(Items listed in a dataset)
____________

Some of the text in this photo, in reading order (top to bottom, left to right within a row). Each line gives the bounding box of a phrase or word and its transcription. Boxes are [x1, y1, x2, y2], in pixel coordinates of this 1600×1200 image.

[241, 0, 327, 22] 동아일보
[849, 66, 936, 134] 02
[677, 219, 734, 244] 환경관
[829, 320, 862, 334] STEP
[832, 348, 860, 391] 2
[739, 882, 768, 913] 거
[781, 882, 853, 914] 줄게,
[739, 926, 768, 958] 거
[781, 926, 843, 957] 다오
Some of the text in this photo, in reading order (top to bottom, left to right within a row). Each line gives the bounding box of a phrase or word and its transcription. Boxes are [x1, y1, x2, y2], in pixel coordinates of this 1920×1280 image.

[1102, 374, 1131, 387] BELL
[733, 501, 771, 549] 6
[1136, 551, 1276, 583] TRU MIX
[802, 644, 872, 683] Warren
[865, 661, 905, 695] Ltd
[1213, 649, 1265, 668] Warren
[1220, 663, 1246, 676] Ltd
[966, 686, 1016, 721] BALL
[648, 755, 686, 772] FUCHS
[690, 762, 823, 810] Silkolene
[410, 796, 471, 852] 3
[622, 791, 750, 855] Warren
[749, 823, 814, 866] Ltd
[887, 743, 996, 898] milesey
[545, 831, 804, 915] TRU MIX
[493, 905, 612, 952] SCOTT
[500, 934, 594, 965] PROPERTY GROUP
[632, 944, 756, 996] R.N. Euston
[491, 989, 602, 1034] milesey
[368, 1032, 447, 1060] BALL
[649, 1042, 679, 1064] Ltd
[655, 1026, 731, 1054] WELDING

____________

Action item> Go to the line holding "this 1920×1280 image." in the entries above and return it, along with every line after it, exactly as written.

Exercise solution>
Some of the text in this photo, in reading order (top to bottom, left to right within a row). Each line gives the bounding box of a phrase or word and its transcription. Boxes are [x1, y1, x2, y2], in pixel coordinates of this 1920×1280 image.

[1102, 374, 1131, 387] BELL
[733, 501, 771, 549] 6
[1136, 551, 1276, 583] TRU MIX
[802, 644, 872, 683] Warren
[865, 661, 905, 695] Ltd
[1213, 649, 1265, 668] Warren
[1220, 663, 1246, 676] Ltd
[966, 686, 1016, 721] BALL
[648, 755, 686, 772] FUCHS
[690, 762, 823, 810] Silkolene
[410, 796, 471, 852] 3
[622, 791, 750, 855] Warren
[749, 823, 814, 866] Ltd
[887, 743, 996, 898] milesey
[545, 831, 804, 915] TRU MIX
[493, 905, 612, 952] SCOTT
[500, 934, 594, 965] PROPERTY GROUP
[632, 944, 756, 996] R.N. Euston
[491, 989, 602, 1034] milesey
[368, 1032, 447, 1060] BALL
[649, 1042, 679, 1064] Ltd
[655, 1026, 731, 1054] WELDING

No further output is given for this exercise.